- **BRIEF**
A complete copy of the entries, exactly as written, is the expected result.

- **THE INPUT**
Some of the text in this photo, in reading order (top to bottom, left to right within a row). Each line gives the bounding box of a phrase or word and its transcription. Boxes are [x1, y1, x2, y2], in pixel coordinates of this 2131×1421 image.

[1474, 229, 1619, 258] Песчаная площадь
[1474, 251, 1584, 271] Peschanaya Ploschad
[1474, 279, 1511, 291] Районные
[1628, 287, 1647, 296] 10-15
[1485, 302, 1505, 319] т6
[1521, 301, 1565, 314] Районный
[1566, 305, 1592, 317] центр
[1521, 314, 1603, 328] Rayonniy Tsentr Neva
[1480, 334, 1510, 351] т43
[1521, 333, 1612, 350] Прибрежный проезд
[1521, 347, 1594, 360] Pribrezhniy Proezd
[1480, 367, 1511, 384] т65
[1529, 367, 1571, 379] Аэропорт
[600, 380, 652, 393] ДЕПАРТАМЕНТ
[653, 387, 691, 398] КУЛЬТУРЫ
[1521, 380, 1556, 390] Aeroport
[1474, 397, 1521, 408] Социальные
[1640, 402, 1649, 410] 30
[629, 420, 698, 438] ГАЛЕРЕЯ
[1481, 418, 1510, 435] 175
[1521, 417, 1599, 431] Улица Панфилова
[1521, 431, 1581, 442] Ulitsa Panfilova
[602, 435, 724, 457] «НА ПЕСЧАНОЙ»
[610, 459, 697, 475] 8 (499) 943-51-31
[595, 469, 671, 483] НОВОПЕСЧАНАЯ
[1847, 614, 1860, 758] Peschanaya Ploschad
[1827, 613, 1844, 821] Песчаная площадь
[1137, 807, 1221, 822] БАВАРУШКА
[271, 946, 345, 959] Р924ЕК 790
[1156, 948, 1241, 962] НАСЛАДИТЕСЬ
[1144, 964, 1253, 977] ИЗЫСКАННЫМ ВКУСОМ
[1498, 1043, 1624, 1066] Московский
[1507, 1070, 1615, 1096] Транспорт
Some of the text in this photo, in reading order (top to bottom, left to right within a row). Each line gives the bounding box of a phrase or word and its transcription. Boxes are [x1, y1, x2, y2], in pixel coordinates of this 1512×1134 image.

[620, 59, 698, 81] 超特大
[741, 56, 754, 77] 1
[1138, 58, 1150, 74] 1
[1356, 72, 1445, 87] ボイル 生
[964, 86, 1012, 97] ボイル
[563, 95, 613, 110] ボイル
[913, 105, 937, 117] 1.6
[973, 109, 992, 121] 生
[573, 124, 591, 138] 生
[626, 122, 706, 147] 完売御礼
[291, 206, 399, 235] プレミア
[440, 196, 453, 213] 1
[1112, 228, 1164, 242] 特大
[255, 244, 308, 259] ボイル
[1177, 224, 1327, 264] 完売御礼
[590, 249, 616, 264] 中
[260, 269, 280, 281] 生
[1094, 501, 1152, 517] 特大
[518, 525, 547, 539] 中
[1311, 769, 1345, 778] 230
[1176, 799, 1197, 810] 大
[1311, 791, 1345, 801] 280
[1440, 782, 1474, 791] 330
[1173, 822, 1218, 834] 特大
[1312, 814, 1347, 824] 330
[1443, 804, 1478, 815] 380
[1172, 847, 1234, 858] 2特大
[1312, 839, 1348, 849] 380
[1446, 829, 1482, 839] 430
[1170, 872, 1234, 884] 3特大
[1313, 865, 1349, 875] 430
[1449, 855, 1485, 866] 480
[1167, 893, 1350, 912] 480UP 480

- **PROBLEM SOLUTION**
Some of the text in this photo, in reading order (top to bottom, left to right within a row). Each line gives the bounding box of a phrase or word and its transcription. Boxes are [x1, y1, x2, y2], in pixel coordinates of this 2131×1421 image.

[1474, 229, 1619, 258] Песчаная площадь
[1474, 251, 1584, 271] Peschanaya Ploschad
[1474, 279, 1511, 291] Районные
[1628, 287, 1647, 296] 10-15
[1485, 302, 1505, 319] т6
[1521, 301, 1565, 314] Районный
[1566, 305, 1592, 317] центр
[1521, 314, 1603, 328] Rayonniy Tsentr Neva
[1480, 334, 1510, 351] т43
[1521, 333, 1612, 350] Прибрежный проезд
[1521, 347, 1594, 360] Pribrezhniy Proezd
[1480, 367, 1511, 384] т65
[1529, 367, 1571, 379] Аэропорт
[600, 380, 652, 393] ДЕПАРТАМЕНТ
[653, 387, 691, 398] КУЛЬТУРЫ
[1521, 380, 1556, 390] Aeroport
[1474, 397, 1521, 408] Социальные
[1640, 402, 1649, 410] 30
[629, 420, 698, 438] ГАЛЕРЕЯ
[1481, 418, 1510, 435] 175
[1521, 417, 1599, 431] Улица Панфилова
[1521, 431, 1581, 442] Ulitsa Panfilova
[602, 435, 724, 457] «НА ПЕСЧАНОЙ»
[610, 459, 697, 475] 8 (499) 943-51-31
[595, 469, 671, 483] НОВОПЕСЧАНАЯ
[1847, 614, 1860, 758] Peschanaya Ploschad
[1827, 613, 1844, 821] Песчаная площадь
[1137, 807, 1221, 822] БАВАРУШКА
[271, 946, 345, 959] Р924ЕК 790
[1156, 948, 1241, 962] НАСЛАДИТЕСЬ
[1144, 964, 1253, 977] ИЗЫСКАННЫМ ВКУСОМ
[1498, 1043, 1624, 1066] Московский
[1507, 1070, 1615, 1096] Транспорт
Some of the text in this photo, in reading order (top to bottom, left to right within a row). Each line gives the bounding box of a phrase or word and its transcription. Boxes are [x1, y1, x2, y2], in pixel coordinates of this 1512×1134 image.

[620, 59, 698, 81] 超特大
[741, 56, 754, 77] 1
[1138, 58, 1150, 74] 1
[1356, 72, 1445, 87] ボイル 生
[964, 86, 1012, 97] ボイル
[563, 95, 613, 110] ボイル
[913, 105, 937, 117] 1.6
[973, 109, 992, 121] 生
[573, 124, 591, 138] 生
[626, 122, 706, 147] 完売御礼
[291, 206, 399, 235] プレミア
[440, 196, 453, 213] 1
[1112, 228, 1164, 242] 特大
[255, 244, 308, 259] ボイル
[1177, 224, 1327, 264] 完売御礼
[590, 249, 616, 264] 中
[260, 269, 280, 281] 生
[1094, 501, 1152, 517] 特大
[518, 525, 547, 539] 中
[1311, 769, 1345, 778] 230
[1176, 799, 1197, 810] 大
[1311, 791, 1345, 801] 280
[1440, 782, 1474, 791] 330
[1173, 822, 1218, 834] 特大
[1312, 814, 1347, 824] 330
[1443, 804, 1478, 815] 380
[1172, 847, 1234, 858] 2特大
[1312, 839, 1348, 849] 380
[1446, 829, 1482, 839] 430
[1170, 872, 1234, 884] 3特大
[1313, 865, 1349, 875] 430
[1449, 855, 1485, 866] 480
[1167, 893, 1350, 912] 480UP 480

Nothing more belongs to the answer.